**DATA FOR THE TASK**
══════

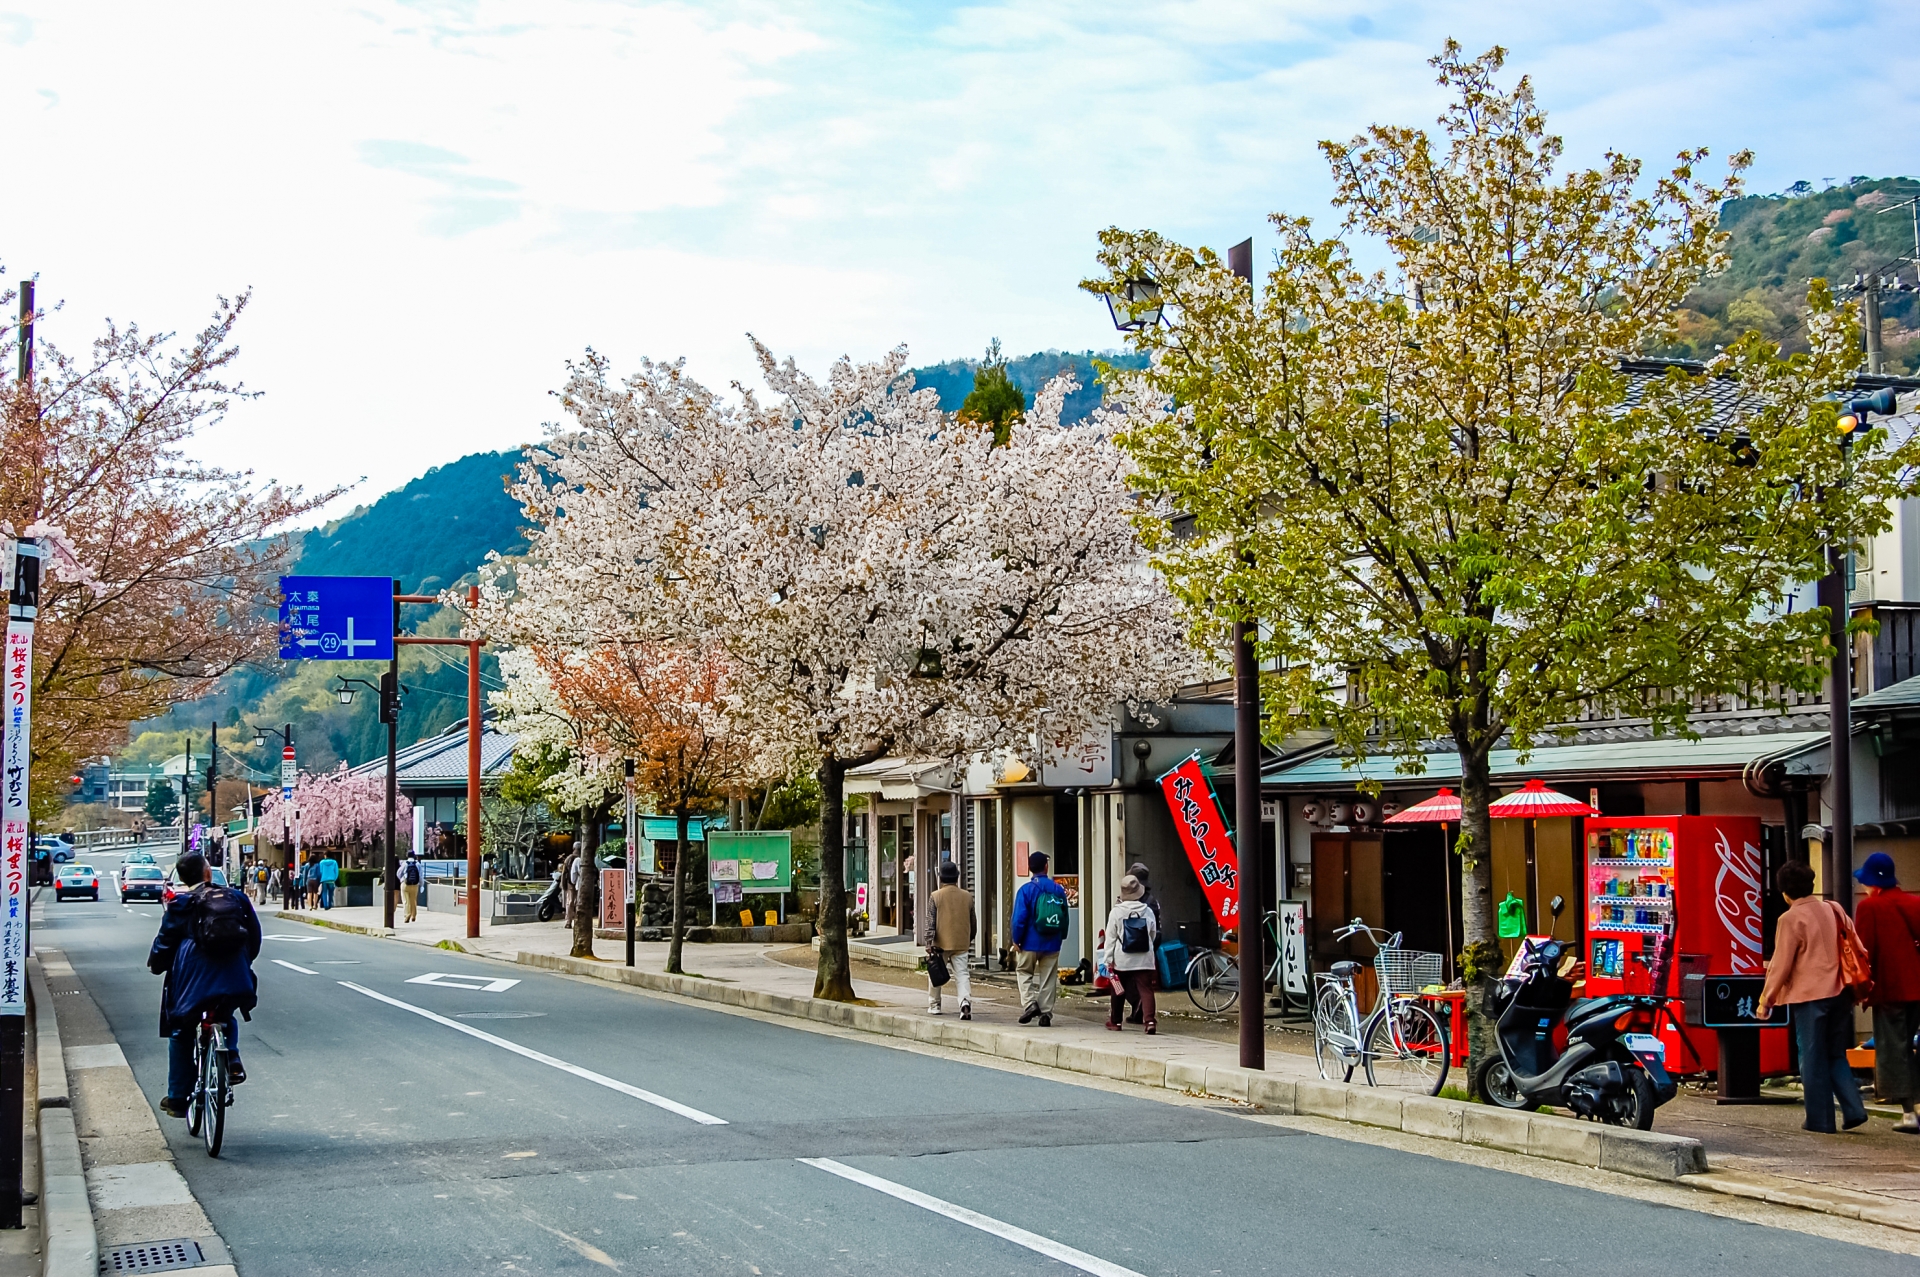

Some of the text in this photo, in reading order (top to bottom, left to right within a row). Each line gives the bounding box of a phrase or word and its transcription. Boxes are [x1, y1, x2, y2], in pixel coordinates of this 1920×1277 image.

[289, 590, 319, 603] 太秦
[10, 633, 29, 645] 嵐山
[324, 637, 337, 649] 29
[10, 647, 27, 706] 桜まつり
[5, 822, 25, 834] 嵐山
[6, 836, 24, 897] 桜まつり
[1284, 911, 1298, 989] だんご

══════

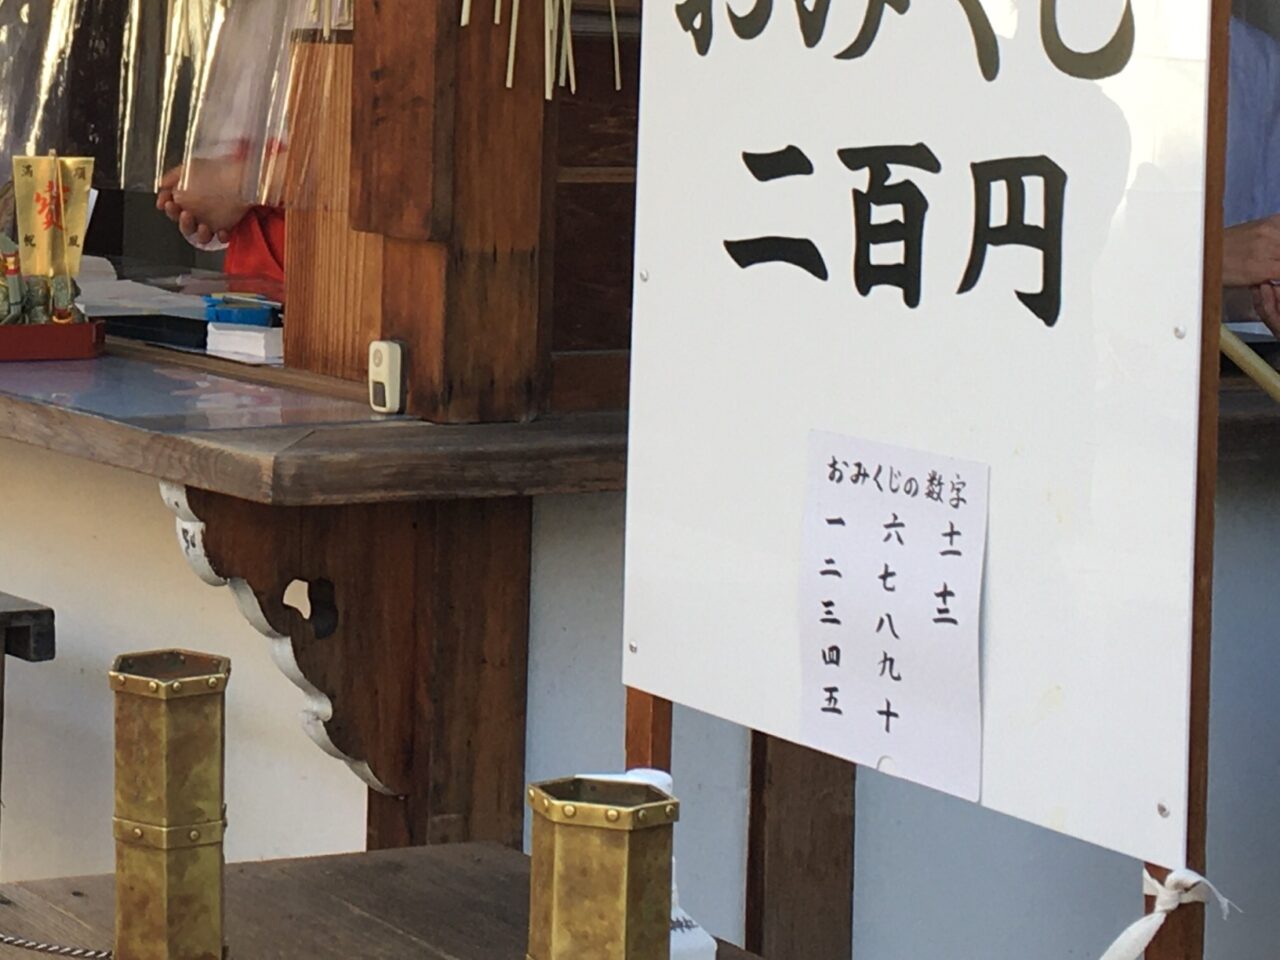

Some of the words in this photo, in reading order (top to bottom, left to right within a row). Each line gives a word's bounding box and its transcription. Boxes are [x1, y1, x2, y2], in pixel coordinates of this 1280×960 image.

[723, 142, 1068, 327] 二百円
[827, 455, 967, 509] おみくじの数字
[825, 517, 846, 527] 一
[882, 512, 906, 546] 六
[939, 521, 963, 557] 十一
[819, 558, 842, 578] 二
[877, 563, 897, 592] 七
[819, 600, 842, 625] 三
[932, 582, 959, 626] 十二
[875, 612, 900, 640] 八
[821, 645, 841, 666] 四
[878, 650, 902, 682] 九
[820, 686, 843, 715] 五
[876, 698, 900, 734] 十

══════

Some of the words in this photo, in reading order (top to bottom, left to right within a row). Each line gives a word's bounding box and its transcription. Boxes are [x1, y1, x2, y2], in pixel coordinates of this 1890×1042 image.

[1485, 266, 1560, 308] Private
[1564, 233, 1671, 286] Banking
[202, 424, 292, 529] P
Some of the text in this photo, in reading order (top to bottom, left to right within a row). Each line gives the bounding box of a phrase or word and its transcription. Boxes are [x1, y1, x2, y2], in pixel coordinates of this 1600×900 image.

══════

Give back, unchanged, the run of lines in the listing above that begins at the line containing "this 1890×1042 image." and ends at the line containing "this 1600×900 image.", both included.

**EXERCISE ANSWER**
Some of the words in this photo, in reading order (top to bottom, left to right within a row). Each line gives a word's bounding box and its transcription. Boxes are [x1, y1, x2, y2], in pixel coordinates of this 1890×1042 image.

[1485, 266, 1560, 308] Private
[1564, 233, 1671, 286] Banking
[202, 424, 292, 529] P
Some of the text in this photo, in reading order (top to bottom, left to right within a row). Each line gives the bounding box of a phrase or word and its transcription. Boxes are [x1, y1, x2, y2], in pixel coordinates of this 1600×900 image.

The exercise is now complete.